*** Begin section ***

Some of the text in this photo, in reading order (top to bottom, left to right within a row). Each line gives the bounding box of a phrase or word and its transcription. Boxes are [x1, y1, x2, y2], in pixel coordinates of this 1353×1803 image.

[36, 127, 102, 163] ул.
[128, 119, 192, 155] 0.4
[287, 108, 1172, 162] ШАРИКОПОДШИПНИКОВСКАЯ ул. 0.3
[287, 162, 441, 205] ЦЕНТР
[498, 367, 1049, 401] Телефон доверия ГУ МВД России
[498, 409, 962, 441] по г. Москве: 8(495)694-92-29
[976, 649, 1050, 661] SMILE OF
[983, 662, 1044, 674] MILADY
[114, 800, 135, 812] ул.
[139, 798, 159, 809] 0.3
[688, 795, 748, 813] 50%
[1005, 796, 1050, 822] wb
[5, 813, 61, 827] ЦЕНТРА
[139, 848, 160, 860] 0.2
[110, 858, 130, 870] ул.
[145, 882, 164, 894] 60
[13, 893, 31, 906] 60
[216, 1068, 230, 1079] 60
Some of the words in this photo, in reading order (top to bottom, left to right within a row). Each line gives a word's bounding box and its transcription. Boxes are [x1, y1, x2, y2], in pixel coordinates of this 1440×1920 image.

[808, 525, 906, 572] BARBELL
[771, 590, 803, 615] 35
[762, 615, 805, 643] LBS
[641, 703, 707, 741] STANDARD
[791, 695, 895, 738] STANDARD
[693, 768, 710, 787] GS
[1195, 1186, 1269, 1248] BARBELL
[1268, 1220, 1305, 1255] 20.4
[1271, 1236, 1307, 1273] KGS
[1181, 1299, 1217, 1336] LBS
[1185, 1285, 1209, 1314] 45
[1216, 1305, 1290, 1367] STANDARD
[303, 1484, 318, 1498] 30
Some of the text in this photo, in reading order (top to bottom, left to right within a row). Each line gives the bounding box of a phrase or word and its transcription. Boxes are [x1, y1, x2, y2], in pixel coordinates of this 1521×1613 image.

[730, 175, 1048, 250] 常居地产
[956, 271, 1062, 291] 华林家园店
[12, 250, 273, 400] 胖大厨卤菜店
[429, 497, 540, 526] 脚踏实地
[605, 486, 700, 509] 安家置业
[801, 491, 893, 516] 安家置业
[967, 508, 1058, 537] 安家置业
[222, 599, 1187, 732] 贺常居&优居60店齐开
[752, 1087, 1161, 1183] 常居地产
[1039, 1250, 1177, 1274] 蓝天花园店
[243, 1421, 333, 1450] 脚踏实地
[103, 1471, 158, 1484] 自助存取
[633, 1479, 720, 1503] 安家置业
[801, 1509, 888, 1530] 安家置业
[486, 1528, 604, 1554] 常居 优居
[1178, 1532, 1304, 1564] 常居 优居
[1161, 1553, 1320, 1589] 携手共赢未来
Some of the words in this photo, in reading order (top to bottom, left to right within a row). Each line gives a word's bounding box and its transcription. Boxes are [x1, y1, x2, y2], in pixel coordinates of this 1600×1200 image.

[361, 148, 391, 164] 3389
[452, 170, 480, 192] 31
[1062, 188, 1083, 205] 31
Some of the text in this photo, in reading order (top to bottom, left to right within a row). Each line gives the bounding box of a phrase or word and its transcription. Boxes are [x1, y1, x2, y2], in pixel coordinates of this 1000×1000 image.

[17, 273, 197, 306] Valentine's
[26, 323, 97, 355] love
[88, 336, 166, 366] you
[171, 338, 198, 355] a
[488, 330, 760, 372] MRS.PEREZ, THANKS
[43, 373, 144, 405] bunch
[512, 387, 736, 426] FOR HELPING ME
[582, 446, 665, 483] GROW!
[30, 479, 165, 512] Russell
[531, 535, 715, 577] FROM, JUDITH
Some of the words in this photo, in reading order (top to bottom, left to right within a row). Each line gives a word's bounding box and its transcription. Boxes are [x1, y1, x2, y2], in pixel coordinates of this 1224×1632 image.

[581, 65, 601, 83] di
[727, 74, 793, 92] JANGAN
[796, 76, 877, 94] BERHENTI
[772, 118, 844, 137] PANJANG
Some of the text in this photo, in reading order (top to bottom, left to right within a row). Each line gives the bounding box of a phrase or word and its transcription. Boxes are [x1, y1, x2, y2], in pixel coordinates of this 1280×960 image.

*** End section ***

Copy the records out again word for word.

Some of the text in this photo, in reading order (top to bottom, left to right within a row). Each line gives the bounding box of a phrase or word and its transcription. Boxes are [x1, y1, x2, y2], in pixel coordinates of this 1353×1803 image.

[36, 127, 102, 163] ул.
[128, 119, 192, 155] 0.4
[287, 108, 1172, 162] ШАРИКОПОДШИПНИКОВСКАЯ ул. 0.3
[287, 162, 441, 205] ЦЕНТР
[498, 367, 1049, 401] Телефон доверия ГУ МВД России
[498, 409, 962, 441] по г. Москве: 8(495)694-92-29
[976, 649, 1050, 661] SMILE OF
[983, 662, 1044, 674] MILADY
[114, 800, 135, 812] ул.
[139, 798, 159, 809] 0.3
[688, 795, 748, 813] 50%
[1005, 796, 1050, 822] wb
[5, 813, 61, 827] ЦЕНТРА
[139, 848, 160, 860] 0.2
[110, 858, 130, 870] ул.
[145, 882, 164, 894] 60
[13, 893, 31, 906] 60
[216, 1068, 230, 1079] 60
Some of the words in this photo, in reading order (top to bottom, left to right within a row). Each line gives a word's bounding box and its transcription. Boxes are [x1, y1, x2, y2], in pixel coordinates of this 1440×1920 image.

[808, 525, 906, 572] BARBELL
[771, 590, 803, 615] 35
[762, 615, 805, 643] LBS
[641, 703, 707, 741] STANDARD
[791, 695, 895, 738] STANDARD
[693, 768, 710, 787] GS
[1195, 1186, 1269, 1248] BARBELL
[1268, 1220, 1305, 1255] 20.4
[1271, 1236, 1307, 1273] KGS
[1181, 1299, 1217, 1336] LBS
[1185, 1285, 1209, 1314] 45
[1216, 1305, 1290, 1367] STANDARD
[303, 1484, 318, 1498] 30
Some of the text in this photo, in reading order (top to bottom, left to right within a row). Each line gives the bounding box of a phrase or word and its transcription. Boxes are [x1, y1, x2, y2], in pixel coordinates of this 1521×1613 image.

[730, 175, 1048, 250] 常居地产
[956, 271, 1062, 291] 华林家园店
[12, 250, 273, 400] 胖大厨卤菜店
[429, 497, 540, 526] 脚踏实地
[605, 486, 700, 509] 安家置业
[801, 491, 893, 516] 安家置业
[967, 508, 1058, 537] 安家置业
[222, 599, 1187, 732] 贺常居&优居60店齐开
[752, 1087, 1161, 1183] 常居地产
[1039, 1250, 1177, 1274] 蓝天花园店
[243, 1421, 333, 1450] 脚踏实地
[103, 1471, 158, 1484] 自助存取
[633, 1479, 720, 1503] 安家置业
[801, 1509, 888, 1530] 安家置业
[486, 1528, 604, 1554] 常居 优居
[1178, 1532, 1304, 1564] 常居 优居
[1161, 1553, 1320, 1589] 携手共赢未来
Some of the words in this photo, in reading order (top to bottom, left to right within a row). Each line gives a word's bounding box and its transcription. Boxes are [x1, y1, x2, y2], in pixel coordinates of this 1600×1200 image.

[361, 148, 391, 164] 3389
[452, 170, 480, 192] 31
[1062, 188, 1083, 205] 31
Some of the text in this photo, in reading order (top to bottom, left to right within a row). Each line gives the bounding box of a phrase or word and its transcription. Boxes are [x1, y1, x2, y2], in pixel coordinates of this 1000×1000 image.

[17, 273, 197, 306] Valentine's
[26, 323, 97, 355] love
[88, 336, 166, 366] you
[171, 338, 198, 355] a
[488, 330, 760, 372] MRS.PEREZ, THANKS
[43, 373, 144, 405] bunch
[512, 387, 736, 426] FOR HELPING ME
[582, 446, 665, 483] GROW!
[30, 479, 165, 512] Russell
[531, 535, 715, 577] FROM, JUDITH
Some of the words in this photo, in reading order (top to bottom, left to right within a row). Each line gives a word's bounding box and its transcription. Boxes are [x1, y1, x2, y2], in pixel coordinates of this 1224×1632 image.

[581, 65, 601, 83] di
[727, 74, 793, 92] JANGAN
[796, 76, 877, 94] BERHENTI
[772, 118, 844, 137] PANJANG
Some of the text in this photo, in reading order (top to bottom, left to right within a row). Each line gives the bounding box of a phrase or word and its transcription. Boxes are [x1, y1, x2, y2], in pixel coordinates of this 1280×960 image.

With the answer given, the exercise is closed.